Shalu, I've always heard the same about discus and water changes... Some say only bare bottom tank s with daily water changes or weekly 90%







changes is the only way to grow healthy discus.

But then I've been reading lately about natural planted aquariums & discus. (for example, see the recent thread here at http://aquabotanicwetthumb.infopop.cc/groupee/forums/a/tpc/f...6048124/m/3751005351 )

So, I'm trying to gather some more info from as many places as possible to see what may or may not be possible.

I'd like to find a balance between a peaceful and comfortable home for the discus and also a healthy one that won't stunt their growth. Toss in my desire to have a minimalist style... and well, maybe it's too much a fantasy.


----------



## Miss Fishy (May 13, 2006)

Dear phishluvr,

I'm afraid I can't see the picture, so I can't comment on it. I can say, however, that in my experience, Hairgrass and _Glossostigma_ do well in my natural tanks. They don't grow as fast as they would in a high-tech tank, but they are as healthy as any I've ever seen. My tanks with these plants do have window light and more than 2wpg, however, so they would not be classed as low light setups. I started off with three individual _Glossostigma_ plants two years ago, and put them in an aquarium outside that I use for growing plant supplies for new aquariums. From these three little pairs of leaves, I have grown enough Glosso to plant three new tanks with more than 100 plants each. I don't think that more "difficult" plants do badly in natural aquariums by default.

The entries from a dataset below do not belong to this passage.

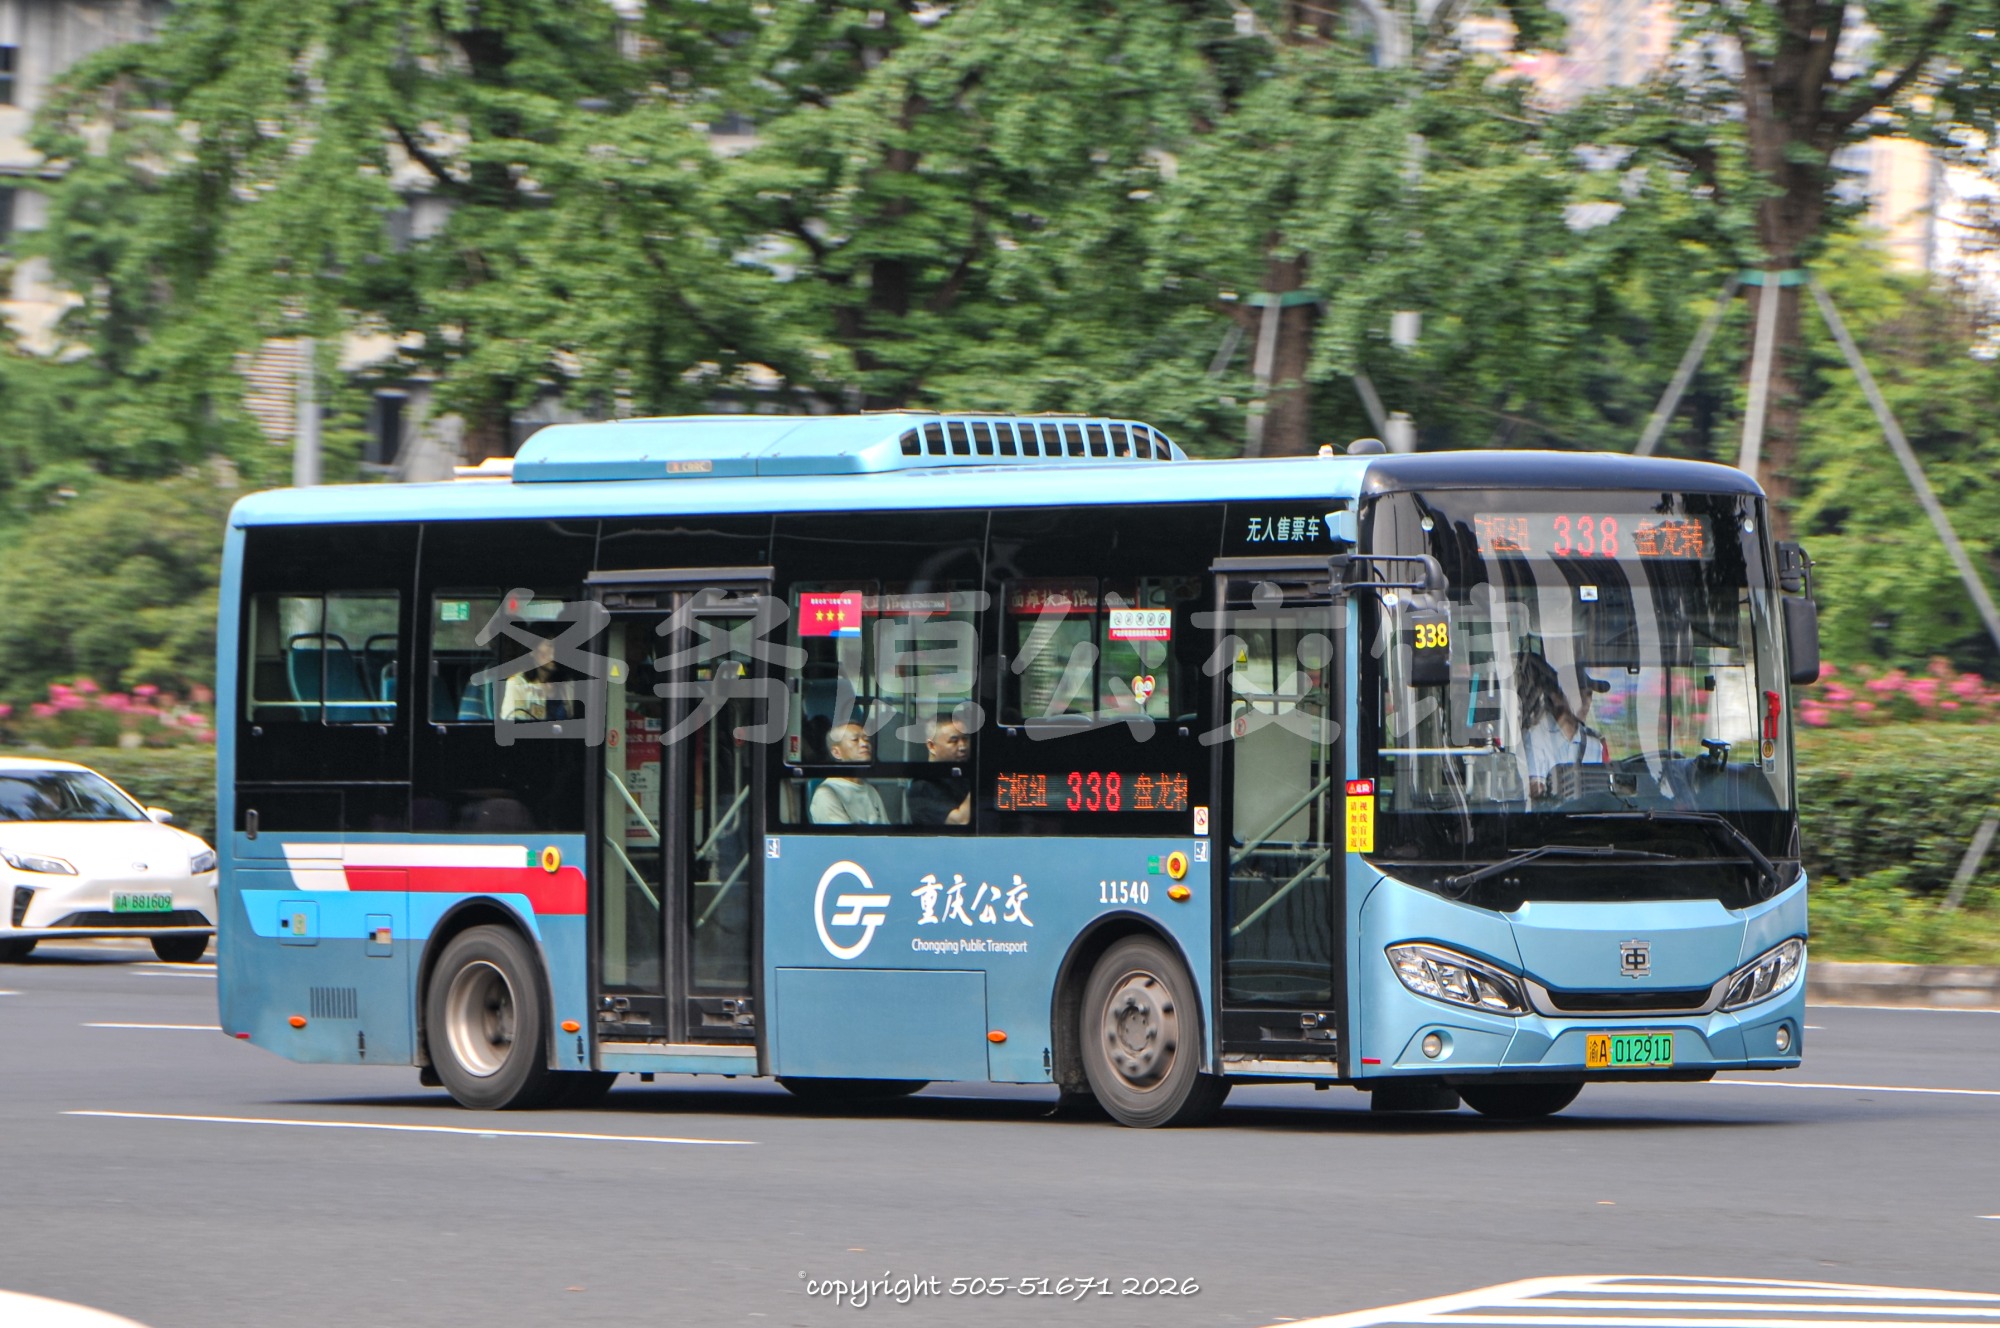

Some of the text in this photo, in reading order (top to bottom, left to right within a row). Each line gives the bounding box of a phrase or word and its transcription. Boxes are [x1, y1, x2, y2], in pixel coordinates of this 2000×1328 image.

[1246, 515, 1320, 542] 无人售票车
[1553, 515, 1618, 557] 338
[1415, 622, 1448, 649] 338
[1067, 771, 1121, 811] 338
[911, 873, 1034, 927] 重庆公交
[1099, 881, 1149, 904] 11540
[911, 938, 1028, 955] Chongqing Public Transport
[1615, 1038, 1671, 1063] 01291D
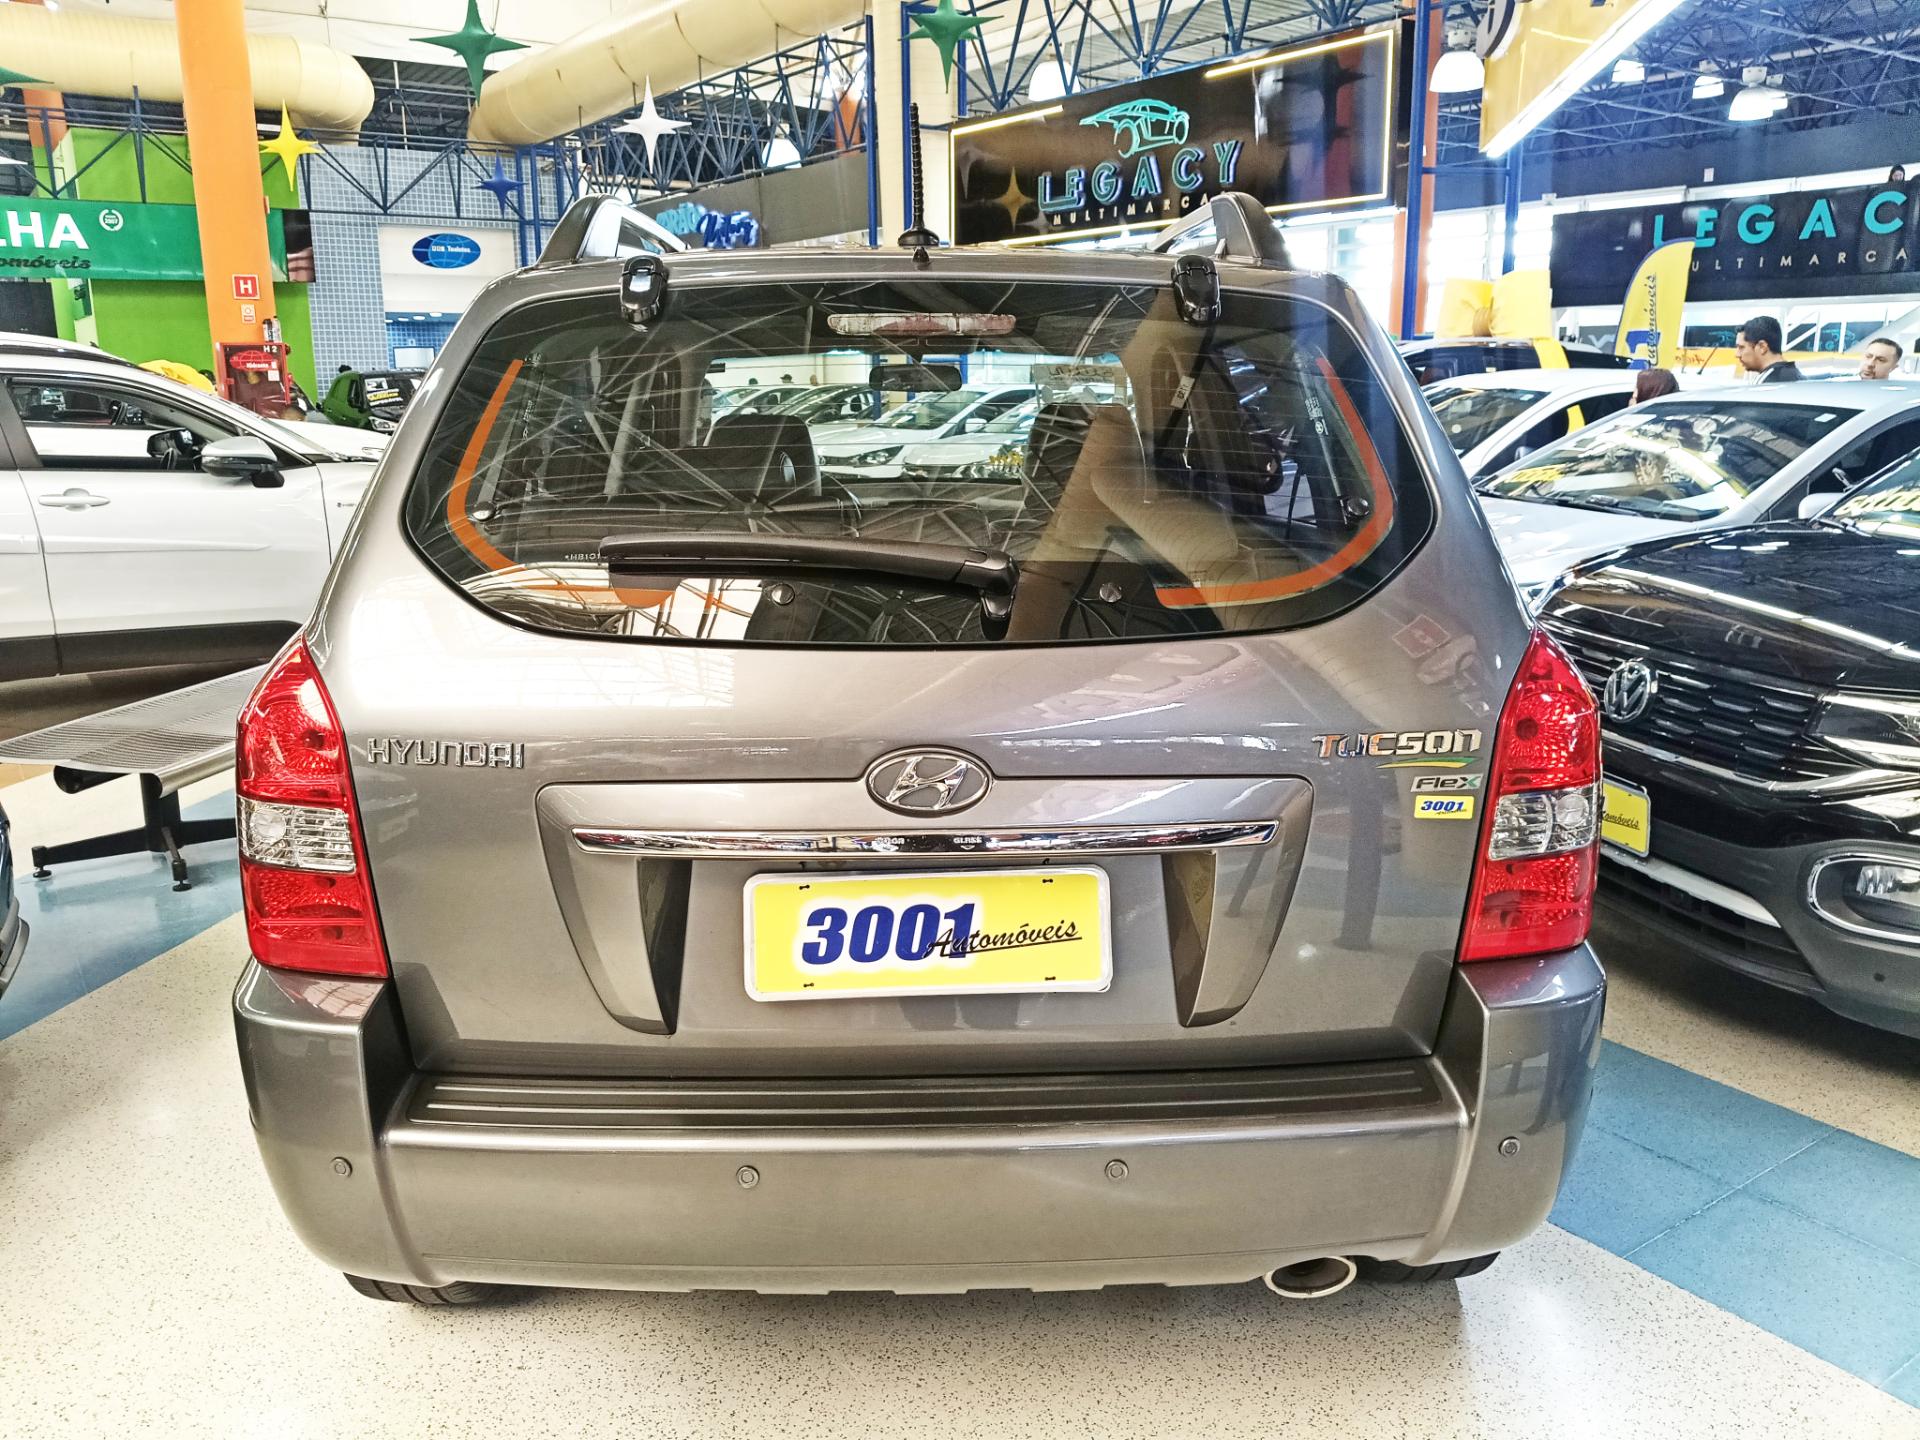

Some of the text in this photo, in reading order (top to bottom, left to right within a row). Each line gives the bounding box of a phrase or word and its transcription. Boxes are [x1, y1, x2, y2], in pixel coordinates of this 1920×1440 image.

On the topic of aquascaping, I think that it is possible in natural aquariums. Sure, you can't carefully plan your arrangement, pick a few species, and be sure that they will grow, but it is possible, with time and a lot of patience, to create a pleasing aquascape. You just have to approach it from a different angle. It seems to me that aquascaping a natural aquarium is similar to landscaping a garden; you have to work out by trial and error which plants suit your soil and climate before you can design your garden. If you follow Diana's recommendation to plant as many species as possible, you can then plan your aquascape around those that do best, and use cuttings and babies from them to fill it in.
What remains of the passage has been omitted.